(Dataset records)
==================================================
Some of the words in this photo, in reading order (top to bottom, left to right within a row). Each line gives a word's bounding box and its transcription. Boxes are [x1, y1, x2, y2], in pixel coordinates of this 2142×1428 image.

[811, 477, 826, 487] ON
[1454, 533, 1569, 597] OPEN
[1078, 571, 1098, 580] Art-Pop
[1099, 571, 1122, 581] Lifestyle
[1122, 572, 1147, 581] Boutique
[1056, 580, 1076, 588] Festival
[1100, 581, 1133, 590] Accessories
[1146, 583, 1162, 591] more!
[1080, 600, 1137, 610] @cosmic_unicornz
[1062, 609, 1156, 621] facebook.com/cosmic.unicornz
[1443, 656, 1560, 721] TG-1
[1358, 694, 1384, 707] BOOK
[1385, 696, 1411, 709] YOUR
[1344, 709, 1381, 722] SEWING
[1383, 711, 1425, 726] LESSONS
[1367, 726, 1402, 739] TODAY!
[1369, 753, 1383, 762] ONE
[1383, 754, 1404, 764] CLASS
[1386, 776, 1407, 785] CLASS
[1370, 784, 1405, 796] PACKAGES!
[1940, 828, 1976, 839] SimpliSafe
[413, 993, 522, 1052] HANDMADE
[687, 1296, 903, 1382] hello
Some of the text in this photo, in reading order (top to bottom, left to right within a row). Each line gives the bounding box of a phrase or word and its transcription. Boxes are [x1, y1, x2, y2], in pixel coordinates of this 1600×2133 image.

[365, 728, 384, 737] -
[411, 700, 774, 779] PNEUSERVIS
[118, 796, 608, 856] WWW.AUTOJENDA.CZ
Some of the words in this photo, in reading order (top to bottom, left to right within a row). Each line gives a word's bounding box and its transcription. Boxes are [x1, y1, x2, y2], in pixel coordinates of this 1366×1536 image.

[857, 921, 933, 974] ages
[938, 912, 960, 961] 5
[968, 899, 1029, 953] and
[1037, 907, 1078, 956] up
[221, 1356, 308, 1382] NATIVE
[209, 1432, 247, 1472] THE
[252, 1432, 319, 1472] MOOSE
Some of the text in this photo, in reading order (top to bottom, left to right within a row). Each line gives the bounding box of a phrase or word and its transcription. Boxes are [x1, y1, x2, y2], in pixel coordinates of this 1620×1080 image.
==================================================
EXERCISE OBJECTIVE:
Transcribe each record above exactly. Skip none.

OUTPUT:
Some of the words in this photo, in reading order (top to bottom, left to right within a row). Each line gives a word's bounding box and its transcription. Boxes are [x1, y1, x2, y2], in pixel coordinates of this 2142×1428 image.

[811, 477, 826, 487] ON
[1454, 533, 1569, 597] OPEN
[1078, 571, 1098, 580] Art-Pop
[1099, 571, 1122, 581] Lifestyle
[1122, 572, 1147, 581] Boutique
[1056, 580, 1076, 588] Festival
[1100, 581, 1133, 590] Accessories
[1146, 583, 1162, 591] more!
[1080, 600, 1137, 610] @cosmic_unicornz
[1062, 609, 1156, 621] facebook.com/cosmic.unicornz
[1443, 656, 1560, 721] TG-1
[1358, 694, 1384, 707] BOOK
[1385, 696, 1411, 709] YOUR
[1344, 709, 1381, 722] SEWING
[1383, 711, 1425, 726] LESSONS
[1367, 726, 1402, 739] TODAY!
[1369, 753, 1383, 762] ONE
[1383, 754, 1404, 764] CLASS
[1386, 776, 1407, 785] CLASS
[1370, 784, 1405, 796] PACKAGES!
[1940, 828, 1976, 839] SimpliSafe
[413, 993, 522, 1052] HANDMADE
[687, 1296, 903, 1382] hello
Some of the text in this photo, in reading order (top to bottom, left to right within a row). Each line gives the bounding box of a phrase or word and its transcription. Boxes are [x1, y1, x2, y2], in pixel coordinates of this 1600×2133 image.

[365, 728, 384, 737] -
[411, 700, 774, 779] PNEUSERVIS
[118, 796, 608, 856] WWW.AUTOJENDA.CZ
Some of the words in this photo, in reading order (top to bottom, left to right within a row). Each line gives a word's bounding box and its transcription. Boxes are [x1, y1, x2, y2], in pixel coordinates of this 1366×1536 image.

[857, 921, 933, 974] ages
[938, 912, 960, 961] 5
[968, 899, 1029, 953] and
[1037, 907, 1078, 956] up
[221, 1356, 308, 1382] NATIVE
[209, 1432, 247, 1472] THE
[252, 1432, 319, 1472] MOOSE
Some of the text in this photo, in reading order (top to bottom, left to right within a row). Each line gives the bounding box of a phrase or word and its transcription. Boxes are [x1, y1, x2, y2], in pixel coordinates of this 1620×1080 image.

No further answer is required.